Posted on 02/14/2008 3:00:49 AM PST by neverdem

It seems like just yesterday that many were reading liberalism's epitaph.  After the Reagan years, Republican Revolution of 1994, retreat of the gun-control hordes after Al Gore's 2000 defeat and George W. Bush's two successful presidential runs, many thought conservatism was carrying the day.

Ah, if only.

We might ask: With conservatives like President Bush and many of the other Republicans, who needs liberals?

While the media has successfully portrayed the Republicans as the party of snake handlers and moonshine, the difference between image and reality is profound.  Bush has just spun the odometer, proposing the nation's first ever $3 trillion budget.  On matters pertaining to the very survival of our culture -- the primacy of English, multiculturalism, the denuding of our public square of historically present Christian symbols and sentiments -- Republicans are found wanting.  As for illegal immigration, both the president and presumptive Republican nominee support a form of amnesty.

Yet many would paint America as under the sway of rightist politics, and some of the reasons for this are obvious.  Some liberals know that the best way to ensure constant movement toward the left is by portraying the status quo as dangerously far right.  If you repeatedly warn that we teeter on the brink of rightist hegemony, people will assume that to achieve "balance" we must tack further left toward your mythical center.  Then we have conservatives influenced by the natural desire to view the world as the happy place they'd like to inhabit.  Ingenuous sorts, they confuse Republican with conservative, party with principles, and electoral wars with the cultural one.  But there's another factor: One can confuse conservative with correct.

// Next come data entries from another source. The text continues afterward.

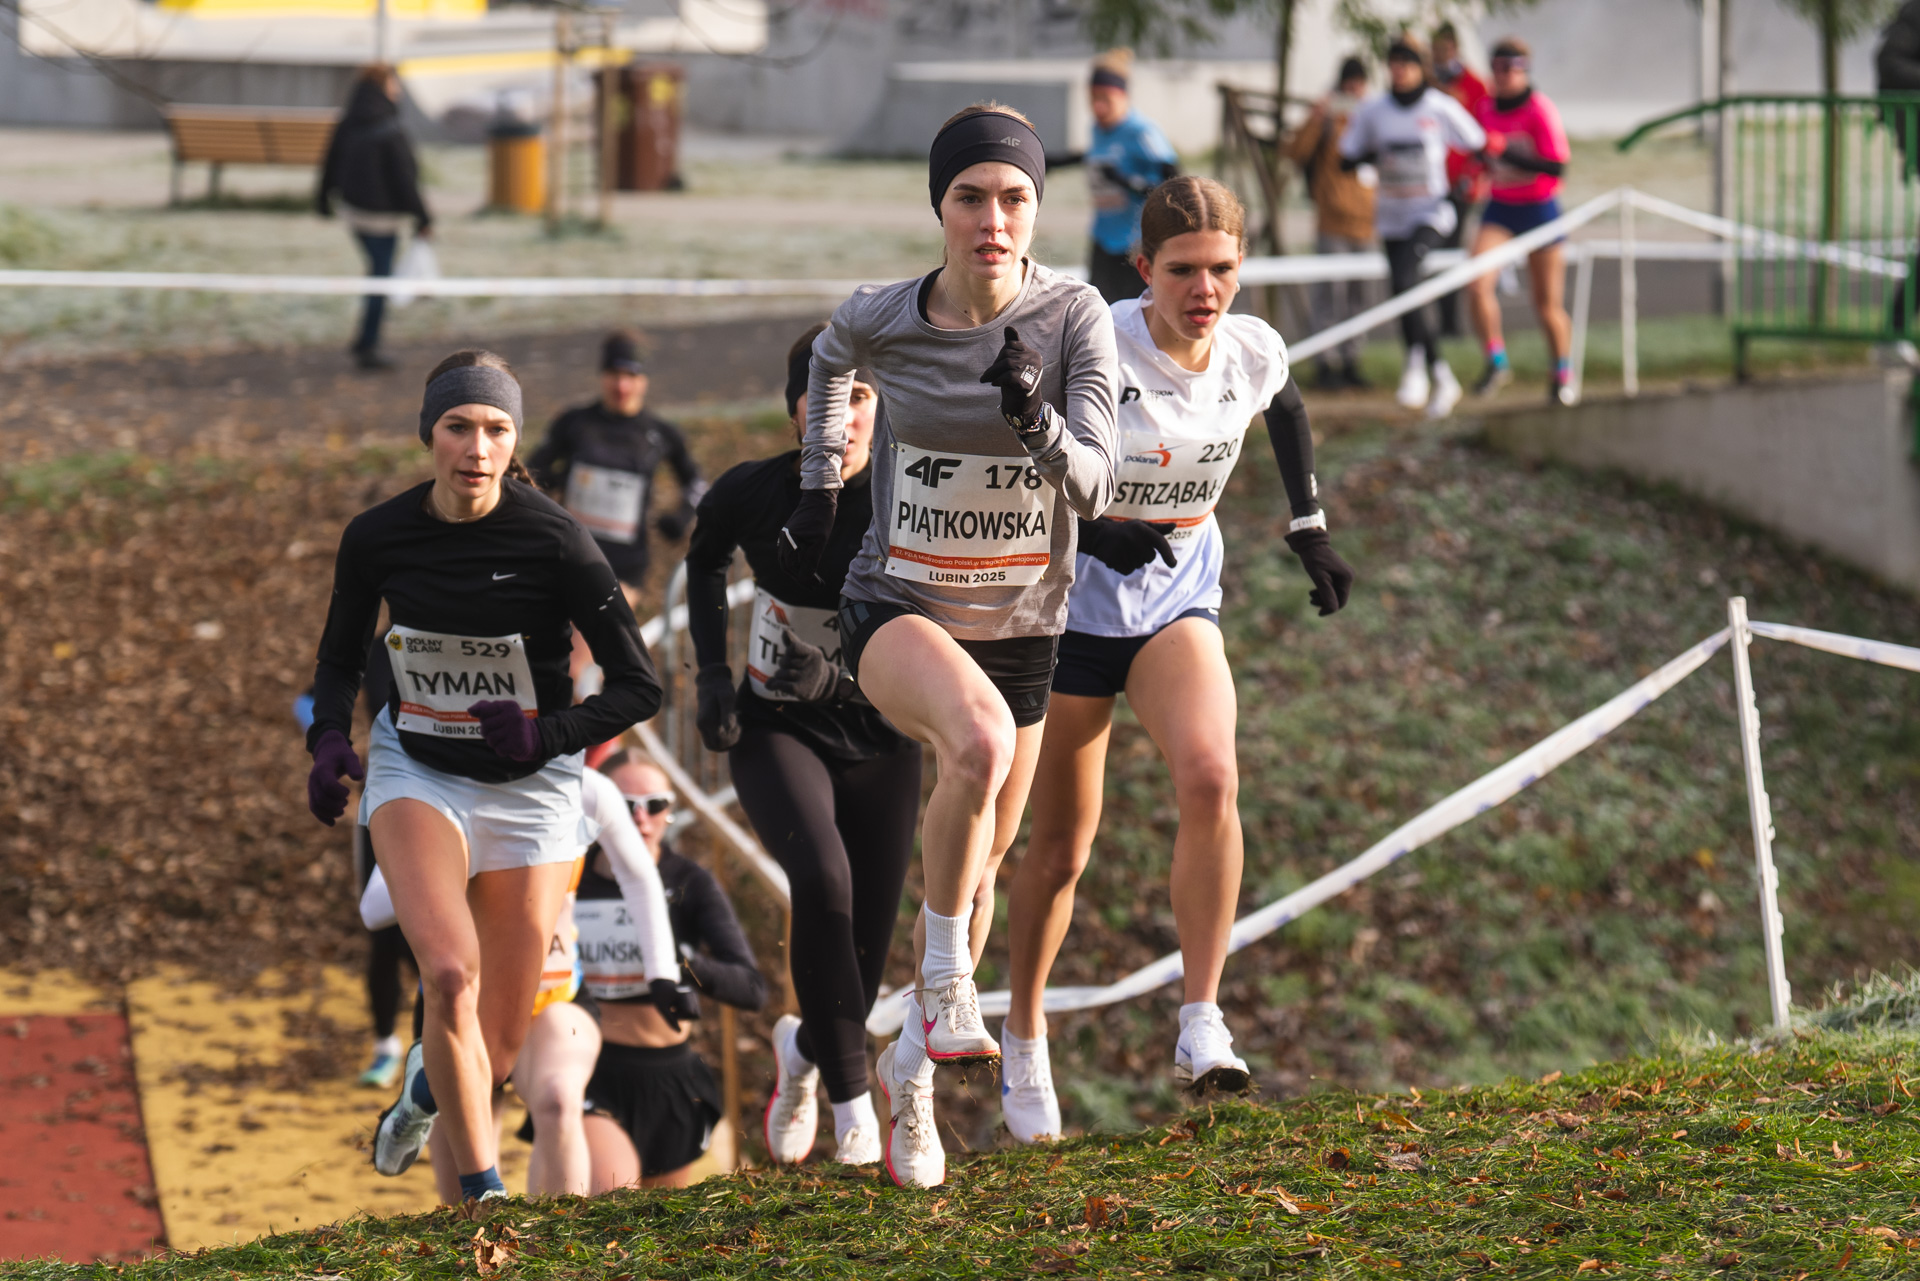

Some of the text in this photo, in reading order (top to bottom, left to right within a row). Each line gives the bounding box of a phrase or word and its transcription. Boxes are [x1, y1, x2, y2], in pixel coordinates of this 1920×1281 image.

[1000, 136, 1021, 147] 4F
[1197, 438, 1238, 463] 220
[904, 455, 963, 489] 4F
[985, 464, 1043, 490] 178
[897, 500, 1047, 543] PIĄTKOWSKA
[1167, 530, 1193, 540] 2025
[929, 571, 1006, 584] LUBIN 2025
[405, 637, 443, 649] DOLNY
[461, 640, 510, 658] 529
[405, 670, 516, 696] TYMAN
[433, 723, 466, 735] LUBIN
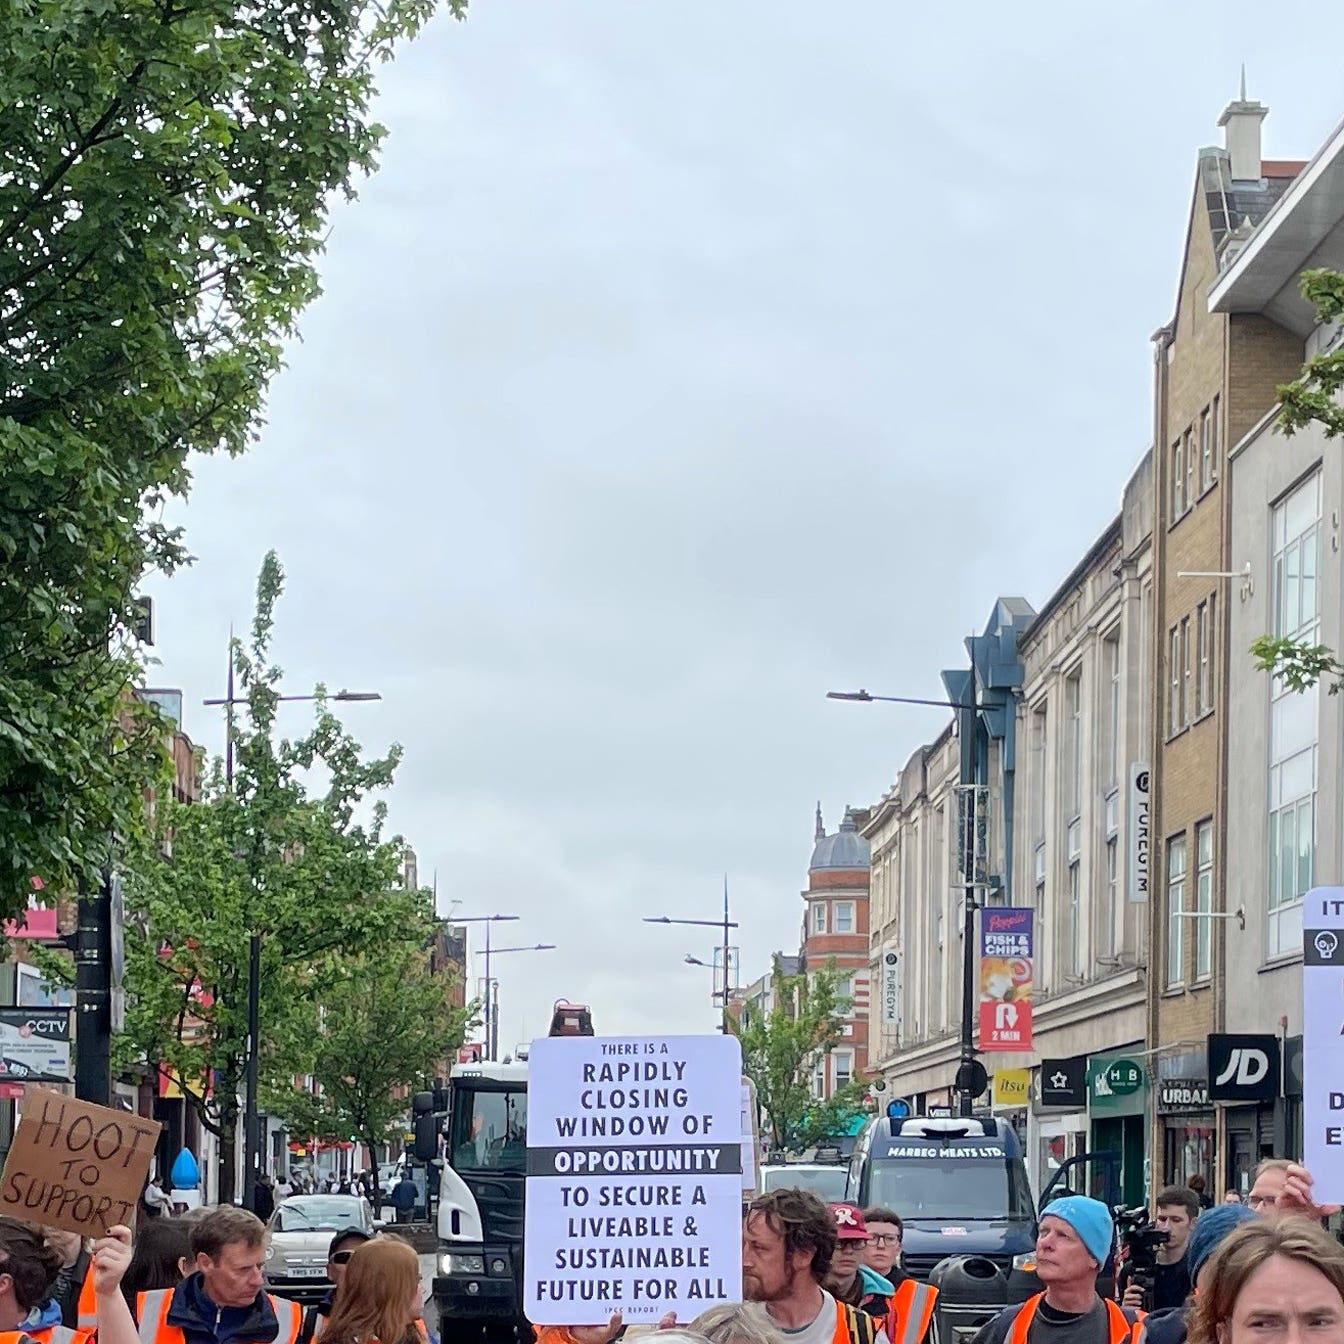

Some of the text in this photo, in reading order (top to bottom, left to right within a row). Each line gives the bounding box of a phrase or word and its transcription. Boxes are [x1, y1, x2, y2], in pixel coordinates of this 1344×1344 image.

[985, 935, 1028, 945] FISH &
[985, 945, 1029, 955] CHIPS
[886, 970, 895, 1020] PUREGYM
[26, 1020, 67, 1033] CCTV
[992, 1031, 1021, 1041] 2 MIN
[601, 1043, 669, 1056] THERE IS A
[583, 1061, 687, 1083] RAPIDLY
[1111, 1069, 1137, 1081] H B
[1215, 1048, 1269, 1086] JD
[1000, 1078, 1026, 1092] itsu
[581, 1088, 688, 1110] CLOSING
[33, 1101, 153, 1168] HOOT
[556, 1115, 714, 1137] WINDOW OF
[554, 1149, 721, 1174] OPPORTUNITY
[939, 1147, 978, 1158] MEATS
[979, 1147, 1006, 1157] LTD.
[59, 1158, 100, 1186] TO
[3, 1171, 135, 1230] SUPPORT
[561, 1185, 707, 1207] TO SECURE A
[568, 1216, 698, 1238] LIVEABLE &
[835, 1207, 857, 1226] R
[555, 1247, 710, 1270] SUSTAINABLE
[536, 1278, 728, 1302] FUTURE FOR ALL
[628, 1306, 659, 1314] REPORT

When is the right not right, you ask?  When it has been defined by the left. 

The definition of "conservative" is fluid, changing from time to time and place to place.  Some "conservatives" embrace an ideology prescribing limited government -- one remaining within the boundaries established by the Constitution -- and low taxation.  They favor nationalism over internationalism; prefer markets mostly unfettered by regulation; eschew multiculturalism, feminism and radical environmentalism; and take pride in our history and traditions.   

But there have been other kinds of conservatives.  In the Soviet Union, a conservative was quite the opposite, a communist.  Then, when Dutch politician Pim Fortuyn was assassinated in 2002, BBC News ran the headline, "Dutch far-right leader shot dead."  "Far-right" indeed.  Fortuyn was quite liberal by our standards; he was a pro-abortion, openly-homosexual ex-sociology professor branded a rightist mainly because he wished to stem Moslem immigration into Holland.  Moreover, his fear was that zealous Moslems posed a threat to the nation's liberal social structure. 

So here's the question: What definition of conservative would a communist or European statist conform to?  That which states, "One who favors maintenance of the status quo."  This brings us to a central point: 

As society is successfully transformed by those who detest the status quo, the status quo changes.  This means that the great defender ideology of the status quo, conservatism, will change with it.

"Progress should mean that we are always changing the world to fit the vision, instead we are always changing the vision." -- G.K. Chesterton

Both liberals and conservatives have shape-shifting visions.  This is because the definitions of conservative and liberal are determined by the "position" of the given society ‘s political spectrum.  Shift that spectrum left or right by altering the collective ideology of a nation, and the definitions of those two words will change commensurate with the degree of that shift.  This is why a Pim Fortuyn is viewed as conservative in Western Europe. 

This isn't to say there is no difference between liberal and conservative visions.  Liberals construct their vision based on opposition to the conservative one; conservatives' vision is a product of the now accepted, decades-old vision of the left.  Thus, liberals promote today's liberal vision; conservatives defend yesterday's liberal vision.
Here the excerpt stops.